↓

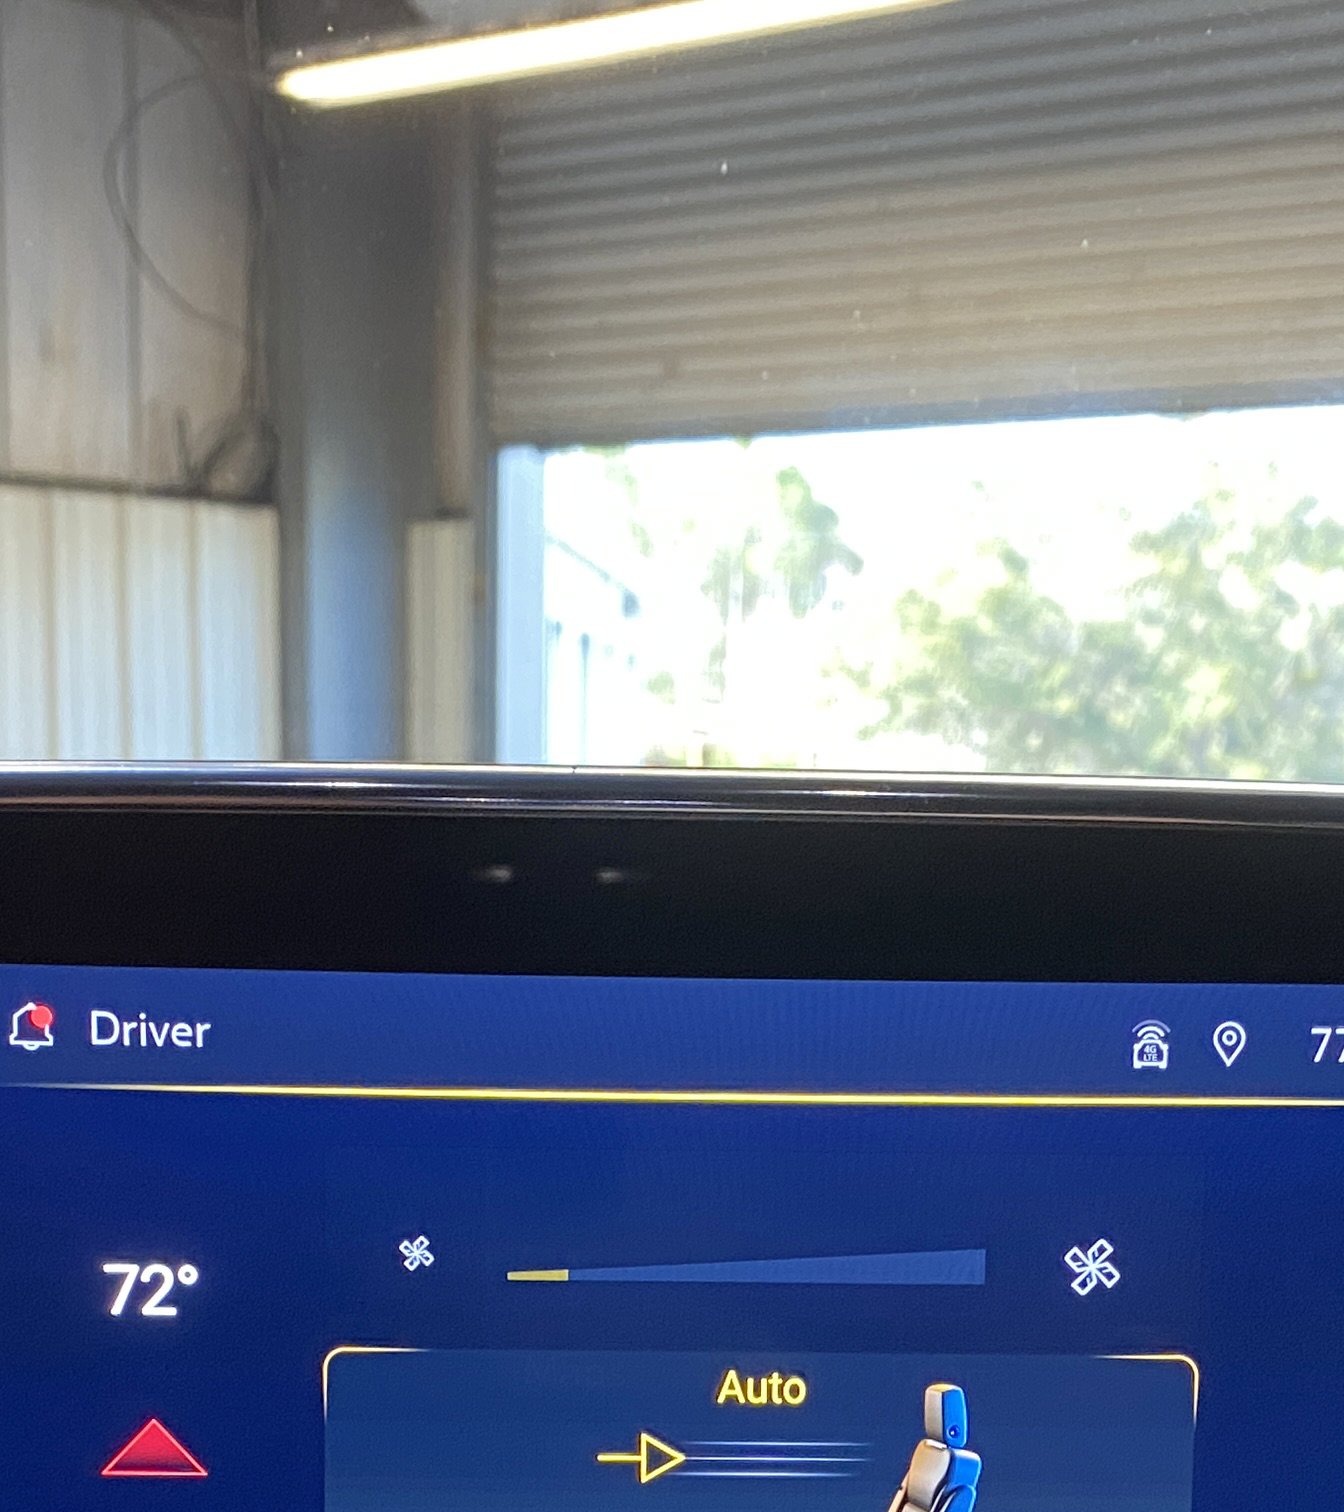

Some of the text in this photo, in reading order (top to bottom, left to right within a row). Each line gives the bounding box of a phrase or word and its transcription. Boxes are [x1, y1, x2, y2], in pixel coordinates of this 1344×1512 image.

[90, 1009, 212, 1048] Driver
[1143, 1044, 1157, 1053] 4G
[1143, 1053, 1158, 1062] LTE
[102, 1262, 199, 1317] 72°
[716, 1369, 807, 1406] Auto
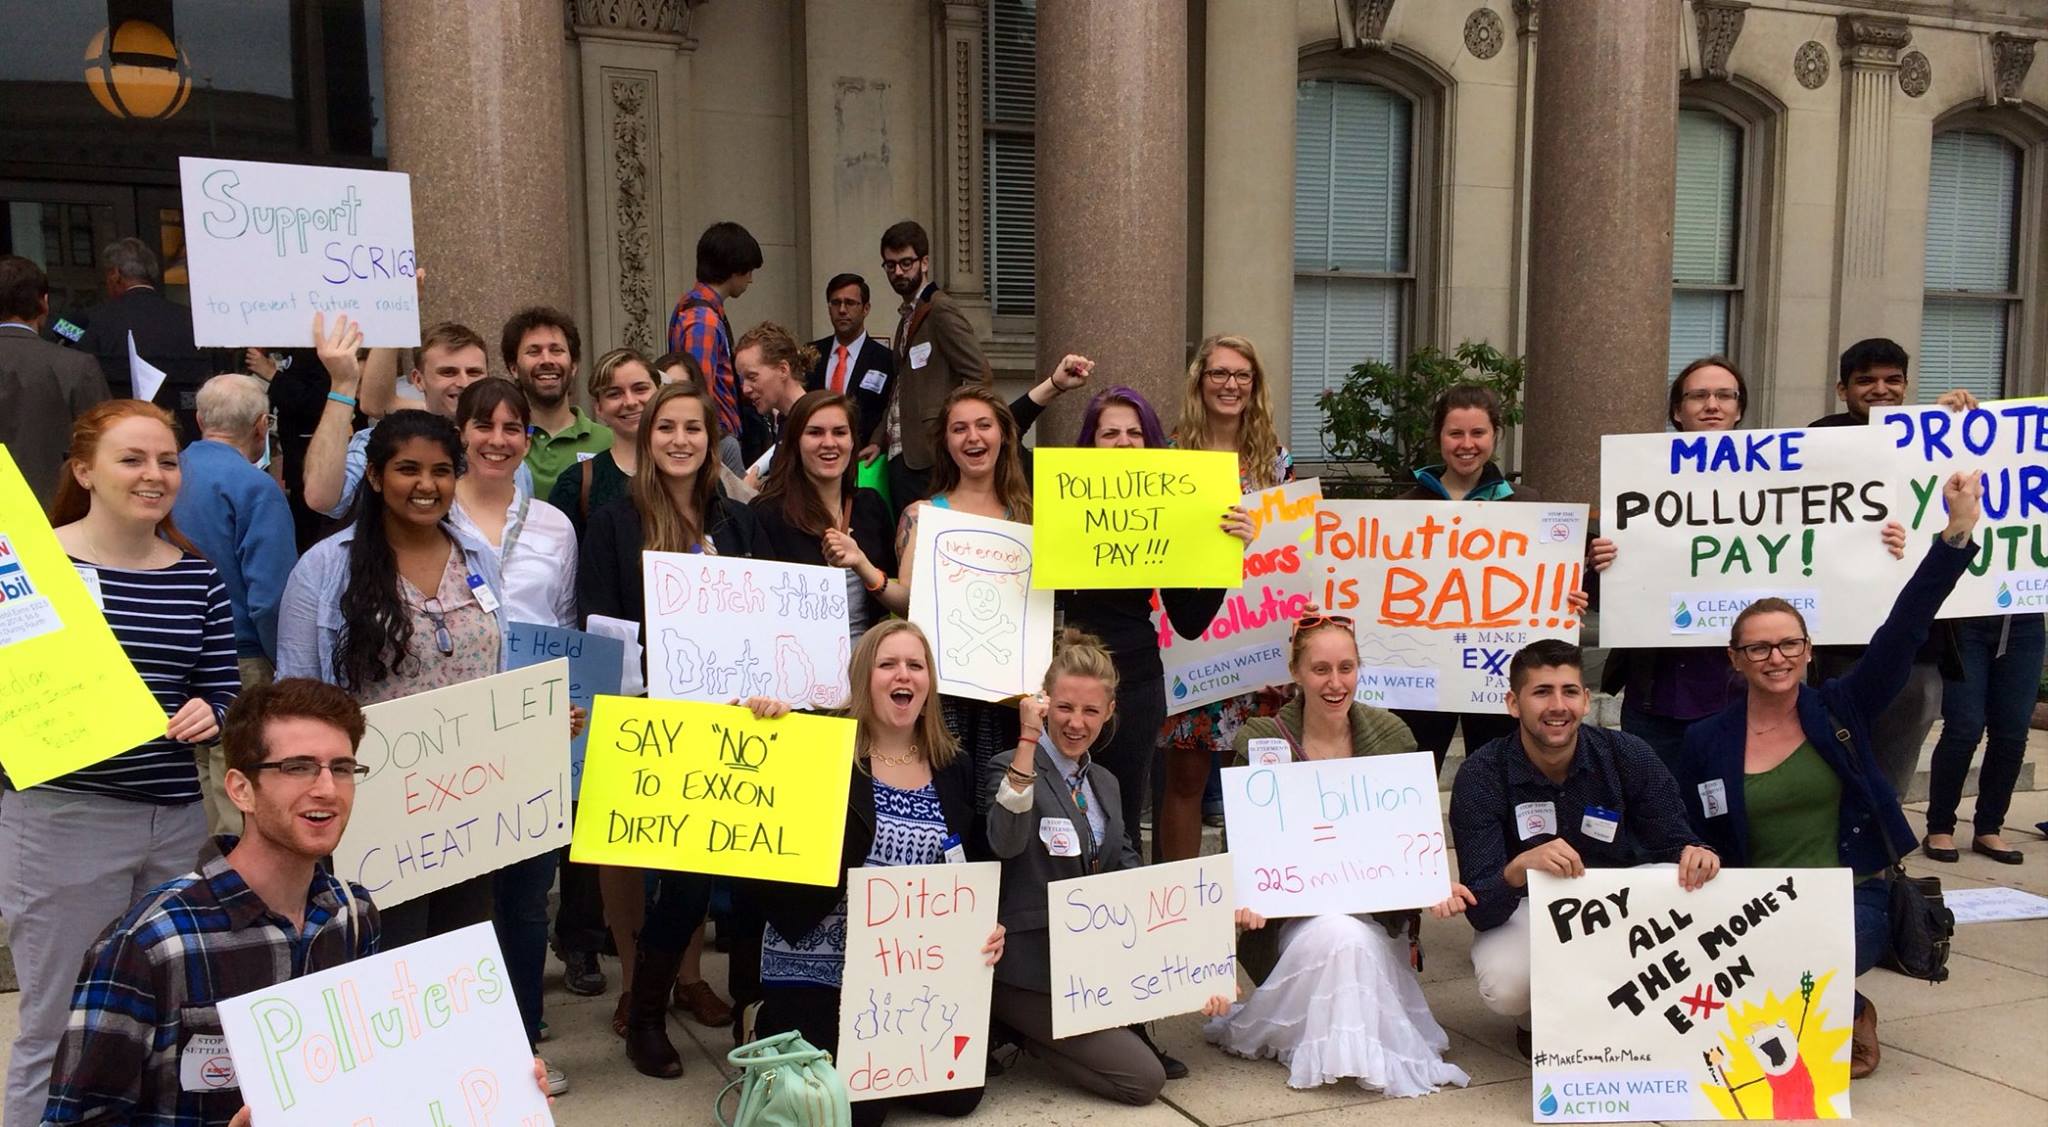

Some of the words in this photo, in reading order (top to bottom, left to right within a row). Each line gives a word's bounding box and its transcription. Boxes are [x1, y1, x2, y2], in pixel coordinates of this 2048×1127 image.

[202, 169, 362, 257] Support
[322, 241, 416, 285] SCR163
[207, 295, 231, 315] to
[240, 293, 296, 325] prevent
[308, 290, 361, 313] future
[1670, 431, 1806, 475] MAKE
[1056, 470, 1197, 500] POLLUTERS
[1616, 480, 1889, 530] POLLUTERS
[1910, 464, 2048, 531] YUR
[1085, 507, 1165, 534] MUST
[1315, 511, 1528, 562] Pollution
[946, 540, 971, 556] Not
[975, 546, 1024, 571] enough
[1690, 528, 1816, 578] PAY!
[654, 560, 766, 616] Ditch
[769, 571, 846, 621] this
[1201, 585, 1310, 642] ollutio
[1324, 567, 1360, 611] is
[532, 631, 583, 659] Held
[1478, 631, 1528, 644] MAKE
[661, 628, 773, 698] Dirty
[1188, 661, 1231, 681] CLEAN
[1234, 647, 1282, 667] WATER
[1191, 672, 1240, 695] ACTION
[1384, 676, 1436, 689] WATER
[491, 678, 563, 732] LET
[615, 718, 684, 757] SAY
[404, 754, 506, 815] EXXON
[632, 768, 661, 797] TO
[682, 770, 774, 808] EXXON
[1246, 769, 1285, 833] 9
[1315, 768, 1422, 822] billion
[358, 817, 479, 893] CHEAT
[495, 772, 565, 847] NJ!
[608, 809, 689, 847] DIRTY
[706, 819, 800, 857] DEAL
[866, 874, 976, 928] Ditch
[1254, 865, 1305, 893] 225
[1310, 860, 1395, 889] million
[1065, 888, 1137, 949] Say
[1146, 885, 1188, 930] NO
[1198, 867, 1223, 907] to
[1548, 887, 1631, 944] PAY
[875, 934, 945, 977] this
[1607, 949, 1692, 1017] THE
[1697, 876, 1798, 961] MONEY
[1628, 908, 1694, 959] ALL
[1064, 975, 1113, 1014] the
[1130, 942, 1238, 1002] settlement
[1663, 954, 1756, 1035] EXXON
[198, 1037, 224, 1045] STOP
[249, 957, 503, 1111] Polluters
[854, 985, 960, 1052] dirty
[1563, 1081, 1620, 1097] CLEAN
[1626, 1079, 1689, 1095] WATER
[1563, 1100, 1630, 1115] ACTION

↑

• _EXERCISE DIRECTIONS_:
Quote every record above exactly, leaving out the pictures.

• _RESULT OF THE TASK_:
Some of the text in this photo, in reading order (top to bottom, left to right within a row). Each line gives the bounding box of a phrase or word and its transcription. Boxes are [x1, y1, x2, y2], in pixel coordinates of this 1344×1512 image.

[90, 1009, 212, 1048] Driver
[1143, 1044, 1157, 1053] 4G
[1143, 1053, 1158, 1062] LTE
[102, 1262, 199, 1317] 72°
[716, 1369, 807, 1406] Auto

Some of the words in this photo, in reading order (top to bottom, left to right within a row). Each line gives a word's bounding box and its transcription. Boxes are [x1, y1, x2, y2], in pixel coordinates of this 2048×1127 image.

[202, 169, 362, 257] Support
[322, 241, 416, 285] SCR163
[207, 295, 231, 315] to
[240, 293, 296, 325] prevent
[308, 290, 361, 313] future
[1670, 431, 1806, 475] MAKE
[1056, 470, 1197, 500] POLLUTERS
[1616, 480, 1889, 530] POLLUTERS
[1910, 464, 2048, 531] YUR
[1085, 507, 1165, 534] MUST
[1315, 511, 1528, 562] Pollution
[946, 540, 971, 556] Not
[975, 546, 1024, 571] enough
[1690, 528, 1816, 578] PAY!
[654, 560, 766, 616] Ditch
[769, 571, 846, 621] this
[1201, 585, 1310, 642] ollutio
[1324, 567, 1360, 611] is
[532, 631, 583, 659] Held
[1478, 631, 1528, 644] MAKE
[661, 628, 773, 698] Dirty
[1188, 661, 1231, 681] CLEAN
[1234, 647, 1282, 667] WATER
[1191, 672, 1240, 695] ACTION
[1384, 676, 1436, 689] WATER
[491, 678, 563, 732] LET
[615, 718, 684, 757] SAY
[404, 754, 506, 815] EXXON
[632, 768, 661, 797] TO
[682, 770, 774, 808] EXXON
[1246, 769, 1285, 833] 9
[1315, 768, 1422, 822] billion
[358, 817, 479, 893] CHEAT
[495, 772, 565, 847] NJ!
[608, 809, 689, 847] DIRTY
[706, 819, 800, 857] DEAL
[866, 874, 976, 928] Ditch
[1254, 865, 1305, 893] 225
[1310, 860, 1395, 889] million
[1065, 888, 1137, 949] Say
[1146, 885, 1188, 930] NO
[1198, 867, 1223, 907] to
[1548, 887, 1631, 944] PAY
[875, 934, 945, 977] this
[1607, 949, 1692, 1017] THE
[1697, 876, 1798, 961] MONEY
[1628, 908, 1694, 959] ALL
[1064, 975, 1113, 1014] the
[1130, 942, 1238, 1002] settlement
[1663, 954, 1756, 1035] EXXON
[198, 1037, 224, 1045] STOP
[249, 957, 503, 1111] Polluters
[854, 985, 960, 1052] dirty
[1563, 1081, 1620, 1097] CLEAN
[1626, 1079, 1689, 1095] WATER
[1563, 1100, 1630, 1115] ACTION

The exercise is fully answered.